§ **ACTIVITY**
Would you please retype the records that follow, word for word?

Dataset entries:
---+---

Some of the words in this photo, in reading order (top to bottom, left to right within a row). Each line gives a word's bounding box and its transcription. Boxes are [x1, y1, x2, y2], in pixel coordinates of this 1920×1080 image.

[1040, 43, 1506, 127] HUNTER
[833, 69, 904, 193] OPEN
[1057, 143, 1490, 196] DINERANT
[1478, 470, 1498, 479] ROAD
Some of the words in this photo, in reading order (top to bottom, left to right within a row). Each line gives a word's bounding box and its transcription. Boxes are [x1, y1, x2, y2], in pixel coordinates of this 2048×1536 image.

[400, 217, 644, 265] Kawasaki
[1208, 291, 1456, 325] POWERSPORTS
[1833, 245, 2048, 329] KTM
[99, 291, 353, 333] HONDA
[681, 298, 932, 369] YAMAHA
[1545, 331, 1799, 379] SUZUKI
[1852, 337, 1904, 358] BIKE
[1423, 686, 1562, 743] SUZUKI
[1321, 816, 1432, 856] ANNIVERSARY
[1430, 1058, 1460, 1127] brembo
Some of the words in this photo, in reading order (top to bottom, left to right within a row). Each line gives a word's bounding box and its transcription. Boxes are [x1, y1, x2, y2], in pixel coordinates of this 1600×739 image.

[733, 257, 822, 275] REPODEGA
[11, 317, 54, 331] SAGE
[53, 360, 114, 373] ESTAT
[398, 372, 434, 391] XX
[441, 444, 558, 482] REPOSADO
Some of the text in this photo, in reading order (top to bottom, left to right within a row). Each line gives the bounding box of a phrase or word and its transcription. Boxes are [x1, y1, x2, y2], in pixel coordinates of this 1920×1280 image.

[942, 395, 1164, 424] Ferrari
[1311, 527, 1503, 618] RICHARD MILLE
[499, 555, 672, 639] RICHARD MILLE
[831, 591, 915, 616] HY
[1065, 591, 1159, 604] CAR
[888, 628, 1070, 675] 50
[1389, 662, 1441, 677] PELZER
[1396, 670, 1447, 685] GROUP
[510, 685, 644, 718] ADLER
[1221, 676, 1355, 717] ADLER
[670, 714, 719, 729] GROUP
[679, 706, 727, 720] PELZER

---+---

§ **COMPLETED EXERCISE**
Some of the words in this photo, in reading order (top to bottom, left to right within a row). Each line gives a word's bounding box and its transcription. Boxes are [x1, y1, x2, y2], in pixel coordinates of this 1920×1080 image.

[1040, 43, 1506, 127] HUNTER
[833, 69, 904, 193] OPEN
[1057, 143, 1490, 196] DINERANT
[1478, 470, 1498, 479] ROAD
Some of the words in this photo, in reading order (top to bottom, left to right within a row). Each line gives a word's bounding box and its transcription. Boxes are [x1, y1, x2, y2], in pixel coordinates of this 2048×1536 image.

[400, 217, 644, 265] Kawasaki
[1208, 291, 1456, 325] POWERSPORTS
[1833, 245, 2048, 329] KTM
[99, 291, 353, 333] HONDA
[681, 298, 932, 369] YAMAHA
[1545, 331, 1799, 379] SUZUKI
[1852, 337, 1904, 358] BIKE
[1423, 686, 1562, 743] SUZUKI
[1321, 816, 1432, 856] ANNIVERSARY
[1430, 1058, 1460, 1127] brembo
Some of the words in this photo, in reading order (top to bottom, left to right within a row). Each line gives a word's bounding box and its transcription. Boxes are [x1, y1, x2, y2], in pixel coordinates of this 1600×739 image.

[733, 257, 822, 275] REPODEGA
[11, 317, 54, 331] SAGE
[53, 360, 114, 373] ESTAT
[398, 372, 434, 391] XX
[441, 444, 558, 482] REPOSADO
Some of the text in this photo, in reading order (top to bottom, left to right within a row). Each line gives the bounding box of a phrase or word and its transcription. Boxes are [x1, y1, x2, y2], in pixel coordinates of this 1920×1280 image.

[942, 395, 1164, 424] Ferrari
[1311, 527, 1503, 618] RICHARD MILLE
[499, 555, 672, 639] RICHARD MILLE
[831, 591, 915, 616] HY
[1065, 591, 1159, 604] CAR
[888, 628, 1070, 675] 50
[1389, 662, 1441, 677] PELZER
[1396, 670, 1447, 685] GROUP
[510, 685, 644, 718] ADLER
[1221, 676, 1355, 717] ADLER
[670, 714, 719, 729] GROUP
[679, 706, 727, 720] PELZER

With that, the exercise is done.